Année après année, la France subit des défaites dans les régions africaines. Tout en continuant à se considérer comme le maître légitime du continent, Paris ne peut accepter le fait qu’elle perd le contrôle de plusieurs pays africains.
Les méthodes ont changé, mais les objectifs principaux – l’exploitation des riches ressources naturelles de l’Afrique – restent les mêmes. Du Cameroun au Sénégal, en passant par la Côte d’Ivoire, le Gabon et toutes les anciennes colonies de l’Afrique francophone, la France fait de son mieux pour maintenir son influence déclinante.
Mais dans quelle mesure y parvient-elle vraiment ?
Après les événements au Mali, où les militaires ont pris le pouvoir après avoir renversé le président Ibrahim Boubacar Keta, qui était soutenu par les Français, et montré un intérêt pour la coopération avec la Russie, la décision d’Emmanuel Macron de réduire fortement la présence militaire au Mali, au Niger et au Burkina Faso est devenue pour les analystes un signe de la fin de la France. Certains experts africains espèrent même que le nouveau chef militaire de la Guinée, Mamady Doumbouya, bien qu’il ait servi dans la Légion étrangère française, travaillera au profit du peuple, contre les intérêts de la France et des États-Unis.
Quels sont les espoirs pour la fin de la Françafrique ?
La Françafrique est le système post-colonial qui a émergé dans les relations entre la France et l’Afrique après que les colonies sont officiellement sorties de leur position subordonnée sur le continent. Mais malgré l’apparente libération, le néocolonialisme de Paris n’a fait qu’acquérir un nouveau format, et les anciennes colonies n’ont jamais accédé à une souveraineté complète.
Tout d’abord, le néocolonialisme se manifeste par l’exploitation unilatérale des ressources de l’Afrique. La France tente de maintenir des préférences telles qu’un avantage dans l’obtention de matières premières, ainsi que la priorité des intérêts financiers et des entreprises françaises dans les marchés publics des pays africains.
Deuxièmement, il y a la domination financière de Paris. Le franc CFA, le stockage des réserves d’or et toute la structure du système bancaire sont construits sur le profit des richesses du continent. Les revenus résiduels de ce luxe se perdent dans la bureaucratie anarchique de nombreux dirigeants, ce qui provoque un mécontentement particulier parmi les habitants et est associé à l’influence négative de la France.

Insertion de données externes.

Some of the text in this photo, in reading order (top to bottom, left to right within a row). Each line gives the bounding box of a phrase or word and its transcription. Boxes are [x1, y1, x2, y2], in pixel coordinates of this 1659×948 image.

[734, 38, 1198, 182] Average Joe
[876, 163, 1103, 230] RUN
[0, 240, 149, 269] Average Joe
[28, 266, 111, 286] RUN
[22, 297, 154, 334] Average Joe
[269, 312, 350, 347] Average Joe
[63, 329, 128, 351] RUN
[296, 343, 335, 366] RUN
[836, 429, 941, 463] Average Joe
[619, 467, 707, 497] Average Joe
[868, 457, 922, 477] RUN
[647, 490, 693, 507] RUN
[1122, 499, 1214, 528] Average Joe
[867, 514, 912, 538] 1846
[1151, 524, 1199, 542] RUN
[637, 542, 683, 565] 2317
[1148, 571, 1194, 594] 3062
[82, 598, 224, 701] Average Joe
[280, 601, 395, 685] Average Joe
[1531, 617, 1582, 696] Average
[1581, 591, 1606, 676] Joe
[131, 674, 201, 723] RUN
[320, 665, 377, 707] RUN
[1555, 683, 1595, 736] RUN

La France maintient également un double standard dans la politique africaine en manipulant les notions de démocratie. Par exemple, dans le contexte des événements politiques en Guinée, la France a condamné le coup d’État, alors qu’elle avait récemment soutenu la prise de pouvoir par les militaires au Tchad. Après la mort du président Idriss Déby en avril 2021, le pouvoir au Tchad est passé à l’un de ses fils, Mahamat Idriss Déby Itno, soutenu par les militaires. Ils ont dissous le gouvernement et le parlement, mais la nouvelle junte a reçu le soutien de Paris, qui n’avait rien contre les 30 ans de règne d’Idriss Déby, arrivé au pouvoir par la force des armes.

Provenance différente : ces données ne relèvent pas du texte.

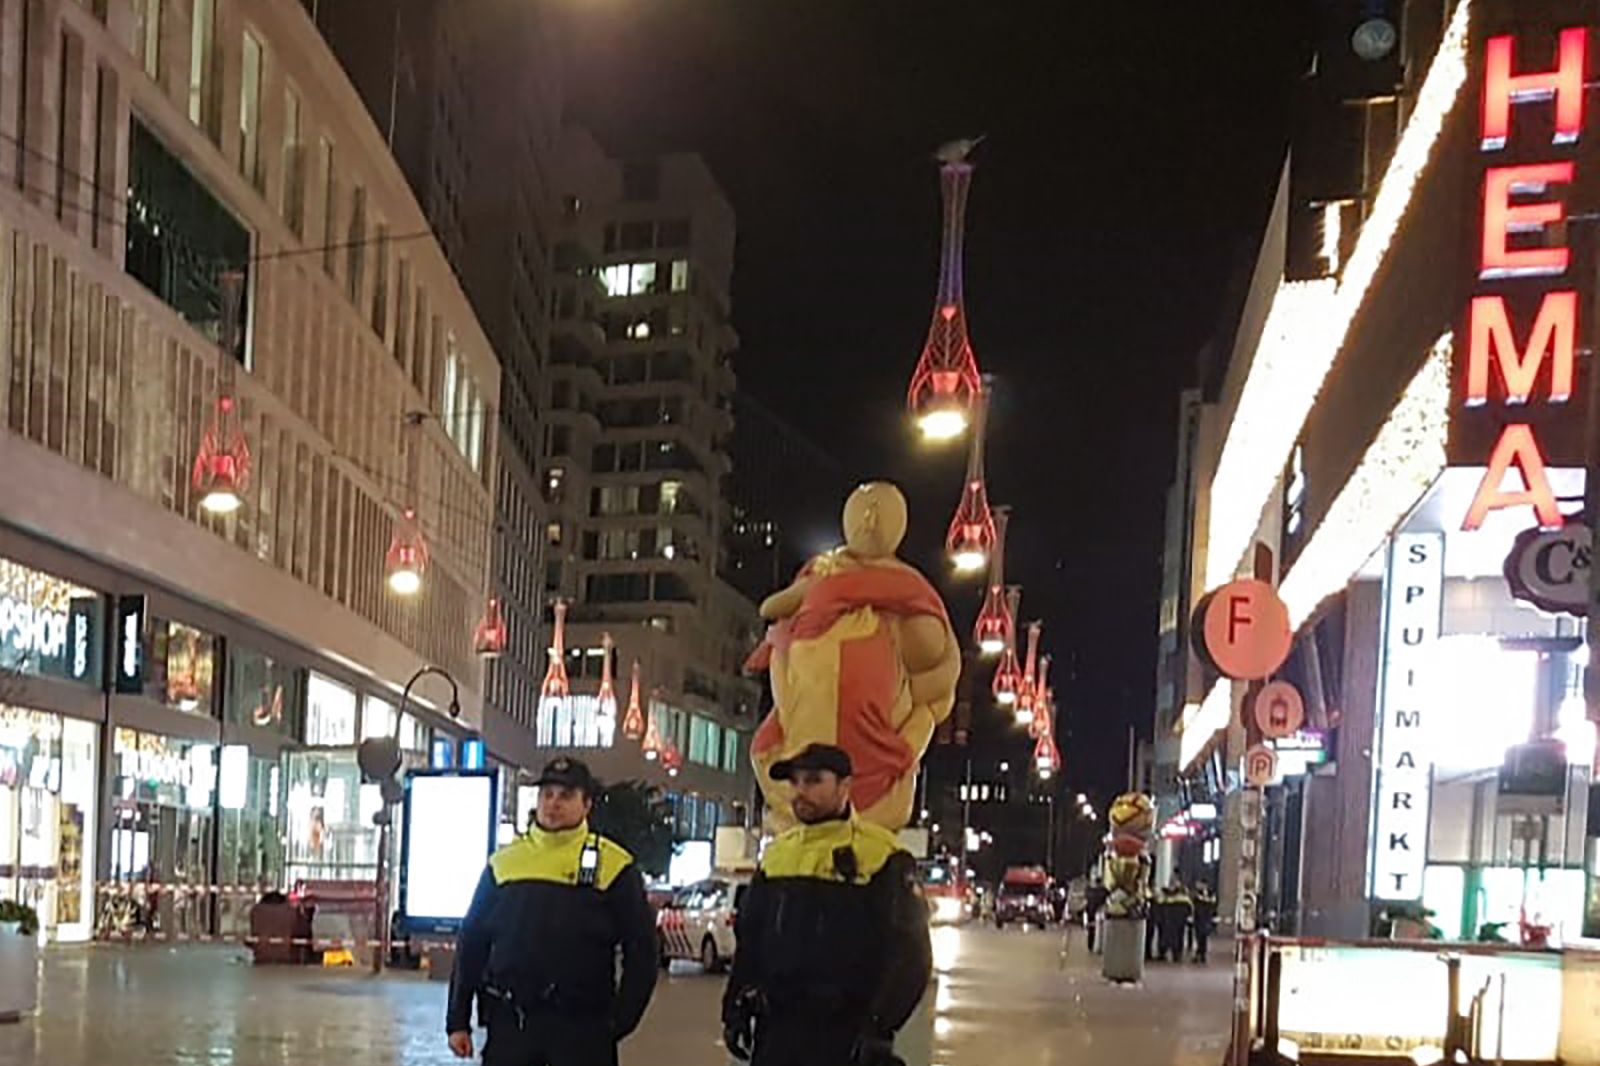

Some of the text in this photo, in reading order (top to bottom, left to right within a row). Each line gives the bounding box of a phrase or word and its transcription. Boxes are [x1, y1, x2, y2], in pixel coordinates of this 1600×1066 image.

[1461, 27, 1588, 531] HEMA
[1229, 596, 1252, 644] F
[1388, 543, 1428, 892] SPUIMARKT
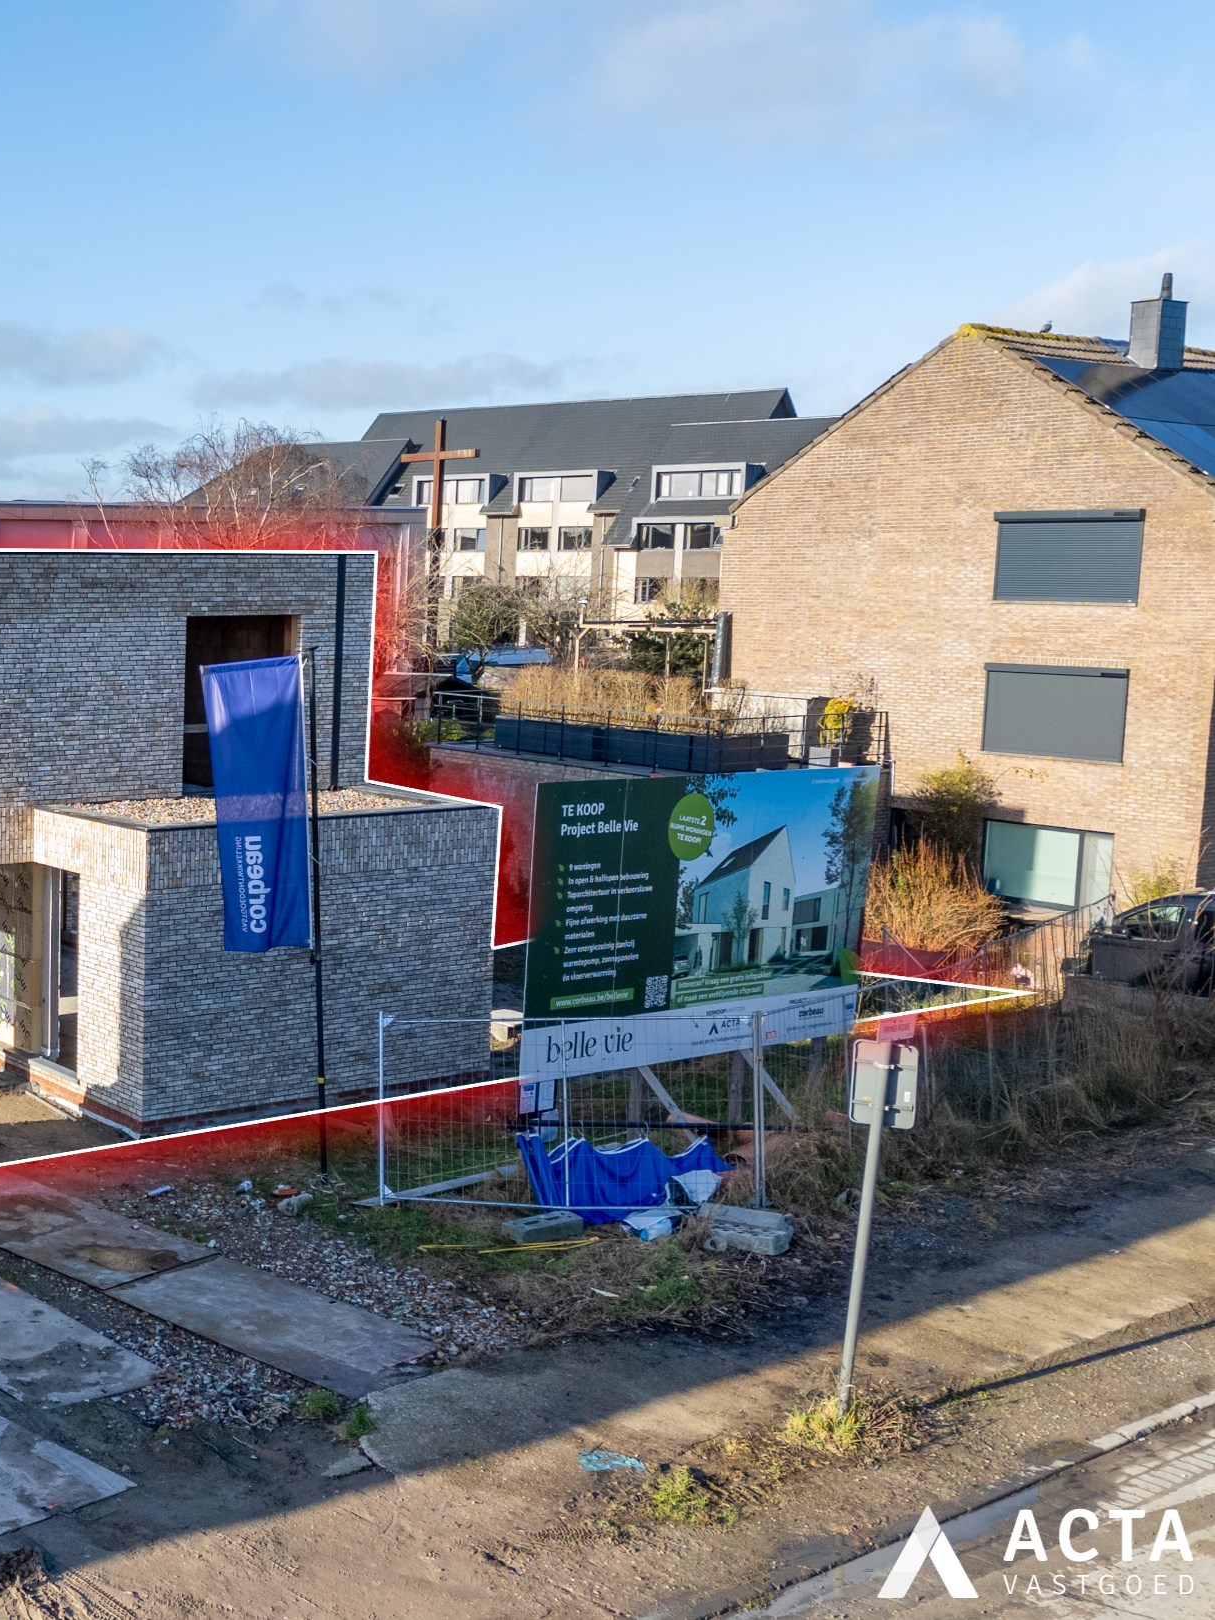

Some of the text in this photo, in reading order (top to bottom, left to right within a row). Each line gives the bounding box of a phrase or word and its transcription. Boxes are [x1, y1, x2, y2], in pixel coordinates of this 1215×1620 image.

[561, 802, 605, 817] TE KOOP
[700, 815, 707, 826] 2
[560, 819, 639, 838] Project Belle Vie
[677, 832, 685, 841] TE
[568, 862, 601, 872] 9 woningen
[568, 871, 650, 886] In open & halfopen bebouwing
[567, 888, 610, 900] Toparchitectuur
[610, 887, 617, 895] in
[566, 903, 593, 914] omgeving
[580, 914, 609, 925] afwerking
[608, 914, 620, 922] met
[564, 930, 595, 941] materialen
[564, 946, 577, 954] Zeer
[577, 941, 615, 953] energiezuinig
[601, 952, 639, 964] zonnepanelen
[570, 968, 617, 981] vloerverwarming
[704, 977, 720, 987] Vraag
[555, 990, 629, 1007] www.corbeau.be/bellevie
[683, 993, 698, 1002] maak
[721, 1017, 741, 1029] ACTA
[545, 1025, 633, 1064] belle vie

La France intervient directement dans les affaires africaines, comme elle l’a fait en 2011 en Côte d’Ivoire, lorsque les troupes françaises ont soutenu Alassane Ouattara et placé cet ami de George Soros et ancien employé du Fonds monétaire international à la présidence. Récemment, le gouvernement fantôme de Paris a soutenu l’ancien président de la République centrafricaine, François Bozizé, qui, en décembre 2020, a tenté de perturber les élections démocratiques et a lancé une rébellion armée.
La France devient une menace pour les pays africains. Elle apporte l’asservissement, la pauvreté, la corruption, le soutien aux dictateurs et, là où elle ne peut pas exercer le pouvoir, le chaos.

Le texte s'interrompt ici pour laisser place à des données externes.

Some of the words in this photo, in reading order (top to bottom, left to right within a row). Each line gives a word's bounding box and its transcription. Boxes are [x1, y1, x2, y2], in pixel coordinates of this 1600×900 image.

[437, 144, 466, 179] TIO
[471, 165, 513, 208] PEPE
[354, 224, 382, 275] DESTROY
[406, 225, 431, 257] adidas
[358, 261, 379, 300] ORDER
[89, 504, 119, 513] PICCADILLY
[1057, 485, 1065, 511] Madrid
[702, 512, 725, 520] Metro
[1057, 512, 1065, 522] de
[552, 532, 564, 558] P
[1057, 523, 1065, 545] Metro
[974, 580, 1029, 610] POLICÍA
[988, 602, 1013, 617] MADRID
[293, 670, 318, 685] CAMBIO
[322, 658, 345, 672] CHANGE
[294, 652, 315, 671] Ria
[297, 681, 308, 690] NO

Bien entendu, Paris tente de maintenir un contrôle militaire et politique sur le continent, souhaitant conserver le droit principal de fournir des armes, de former du personnel, etc. Entre-temps, même le nouveau chef intérimaire de la Guinée, Mamady Doumbouya, que de nombreux experts considèrent comme un lobbyiste des intérêts français, a souligné dans son discours que les Guinéens sont agacés par l’arrogance des Français et qu’ils observent une ségrégation de facto dans le pays. “La vision du monde des soldats étrangers en Afrique a changé au fil du temps”, a poursuivi le chef d’État guinéen. “Autrefois, le Blanc était forcément considéré comme une personne compétente, ce qui n’est plus le cas aujourd’hui car nous nous permettons de porter un regard critique sur leurs actions et leurs explications grâce à notre formation plus poussée.”
La recherche d’une alternative
Une vague de coups d’État militaires sur fond d’intervention internationale est en train de devenir l’état normal des choses en Afrique, un phénomène indéniable.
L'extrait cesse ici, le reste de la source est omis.